The potential of Finnegan's subtitle, A Study of Magdalen Asylums in Ireland is never fully realized, for two main reasons. First, Finnegan is unapologetic in asserting the bias that underpins her work. She insists that women who were admitted to magdalen asylums in the nineteenth and twentieth centuries were victims of "indifference" and "injustice". Women probably were victims of injustice and indifference (although it is likely that they were victimized by their families and communities as much as they were victimized by the Good Shepherds). However, because Finnegan insists on portraying women only as victims, she rejects other possible interpretations of her source material. Furthermore, Finnegan reaches conclusions about women's experiences and motivations that are not entirely supported by the available evidence. For example, she concludes, solely on the basis of the scant information included in admission registers, that the majority of women admitted to the asylums were admitted against their will. This may, in fact, be true, but lacking personal accounts from the women themselves, we can never know definitively.
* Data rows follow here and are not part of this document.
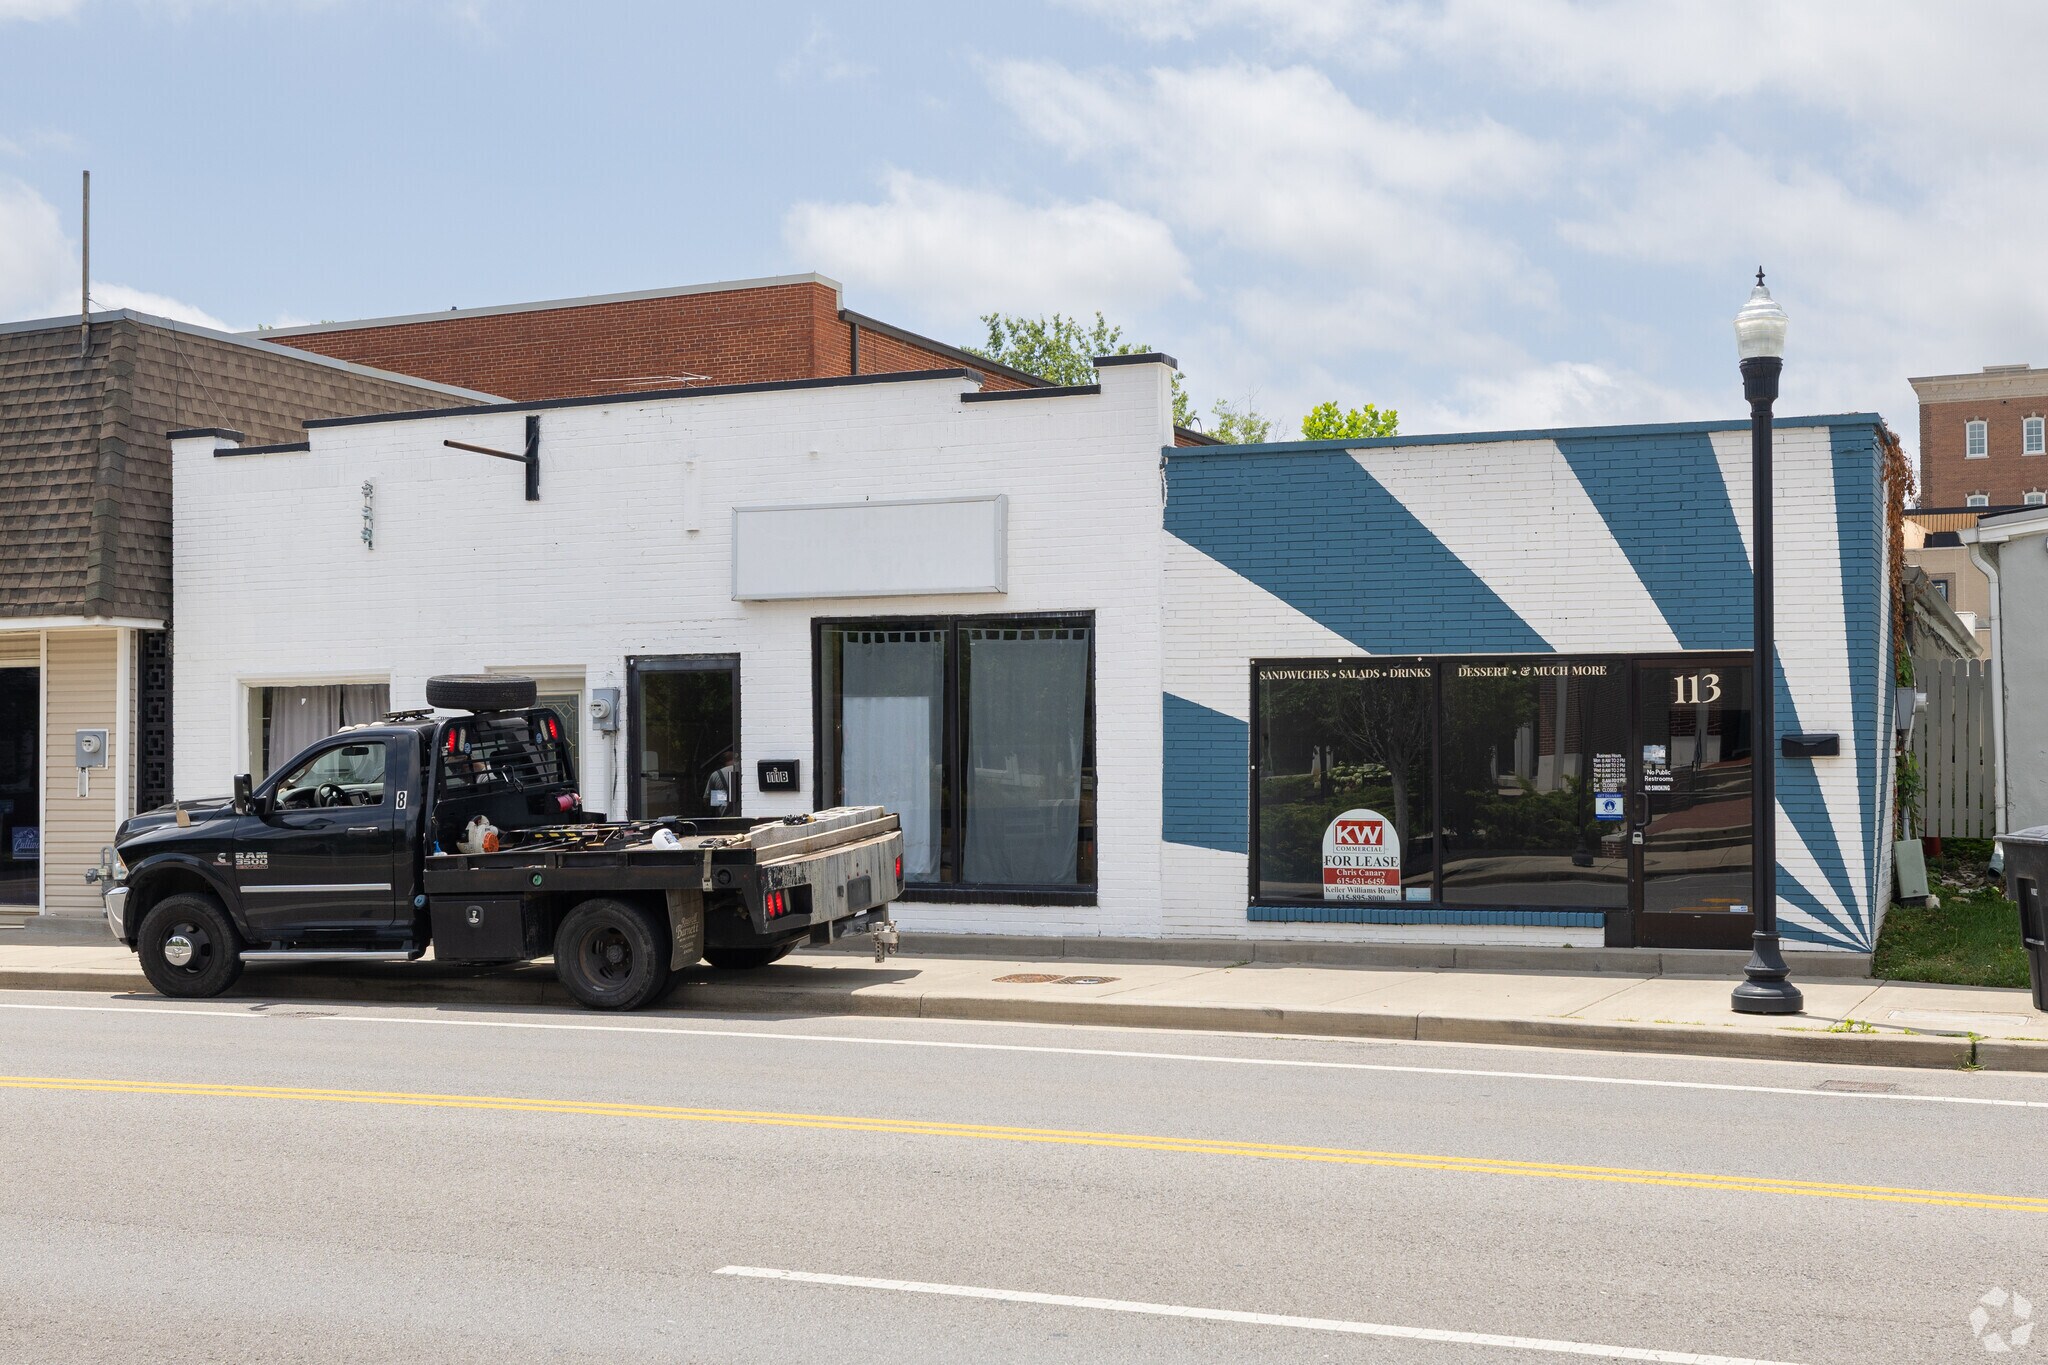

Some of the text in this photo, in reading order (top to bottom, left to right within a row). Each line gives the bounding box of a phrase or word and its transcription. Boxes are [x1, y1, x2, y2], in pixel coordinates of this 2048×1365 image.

[1259, 668, 1431, 680] SANDWICHES SALADS DRINKS
[1458, 665, 1607, 677] DESSERT & MUCH MORE
[1673, 673, 1721, 704] 113
[766, 771, 788, 783] 111B
[397, 791, 406, 809] 8
[1336, 825, 1382, 844] KW
[1325, 855, 1399, 867] FOR LEASE
[1358, 869, 1386, 878] Canary
[1336, 877, 1385, 885] 615-631-6459
[1347, 886, 1377, 894] Williams
[1378, 887, 1399, 896] Realty
But, in reaching these conclusions, Finnegan effectively strips women of their agency and reduces them to infants incapable of or unwilling to assert their power and individuality.
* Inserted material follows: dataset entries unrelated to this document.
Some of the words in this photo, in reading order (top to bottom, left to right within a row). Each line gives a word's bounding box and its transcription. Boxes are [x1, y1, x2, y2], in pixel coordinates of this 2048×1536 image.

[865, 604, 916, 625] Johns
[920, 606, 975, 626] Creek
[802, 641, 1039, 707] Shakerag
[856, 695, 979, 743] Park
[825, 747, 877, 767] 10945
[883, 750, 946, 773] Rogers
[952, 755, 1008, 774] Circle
A second problem is that Finnegan places the Good Shepherd Sisters at the center of the magdalen movement in Ireland, and she insists that the Good Shepherd asylums were representative of the magdalen system as a whole. But Finnegan ignores the fact that the Good Shepherds ran only four of the dozen or so magdalen asylums scattered throughout the country (there were at least five asylums in Dublin alone, none of which was run by the Good Shepherds). The Good Shepherds were not the only, or even the most active, agents in the magdalen movement in twentieth century Ireland, so to conclude that the founding mission and ethos of the Good Shepherd Sisters shaped and guided the movement in the nineteenth and twentieth centuries is not entirely convincing. Unfortunately, [End Page 269] because of Finnegan's narrow focus, and because she presents her bias at the very outset, her book at times reads like little more than a personal vendetta against the Good Shepherd Sisters.